TASK GOAL —
Please set down the data word for word; images do not go in the copy.

PROVIDED RECORDS section start

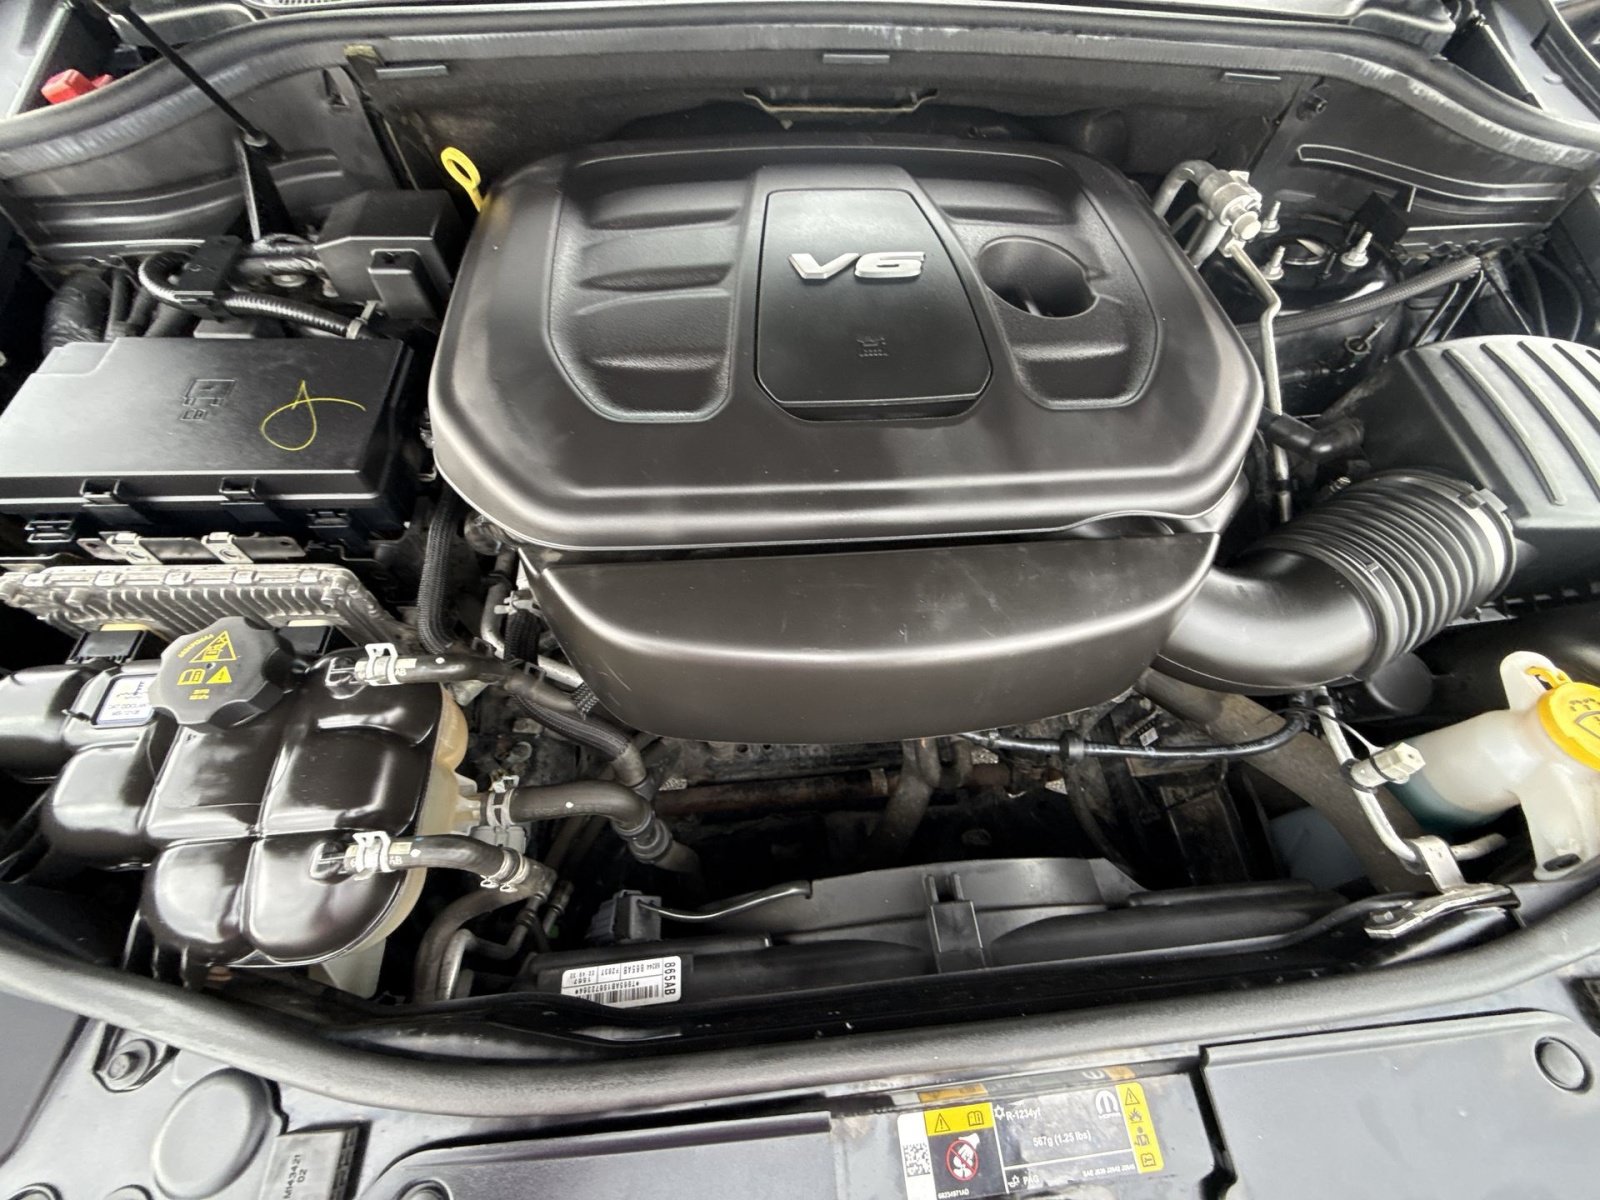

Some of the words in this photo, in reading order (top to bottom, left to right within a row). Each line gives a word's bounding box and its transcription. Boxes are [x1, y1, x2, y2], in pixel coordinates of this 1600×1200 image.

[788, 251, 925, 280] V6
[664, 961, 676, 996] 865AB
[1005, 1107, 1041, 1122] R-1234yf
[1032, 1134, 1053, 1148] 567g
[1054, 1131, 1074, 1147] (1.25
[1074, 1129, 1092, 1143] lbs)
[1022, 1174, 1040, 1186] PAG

PROVIDED RECORDS section end

COMPLETED TASK —
Some of the words in this photo, in reading order (top to bottom, left to right within a row). Each line gives a word's bounding box and its transcription. Boxes are [x1, y1, x2, y2], in pixel coordinates of this 1600×1200 image.

[788, 251, 925, 280] V6
[664, 961, 676, 996] 865AB
[1005, 1107, 1041, 1122] R-1234yf
[1032, 1134, 1053, 1148] 567g
[1054, 1131, 1074, 1147] (1.25
[1074, 1129, 1092, 1143] lbs)
[1022, 1174, 1040, 1186] PAG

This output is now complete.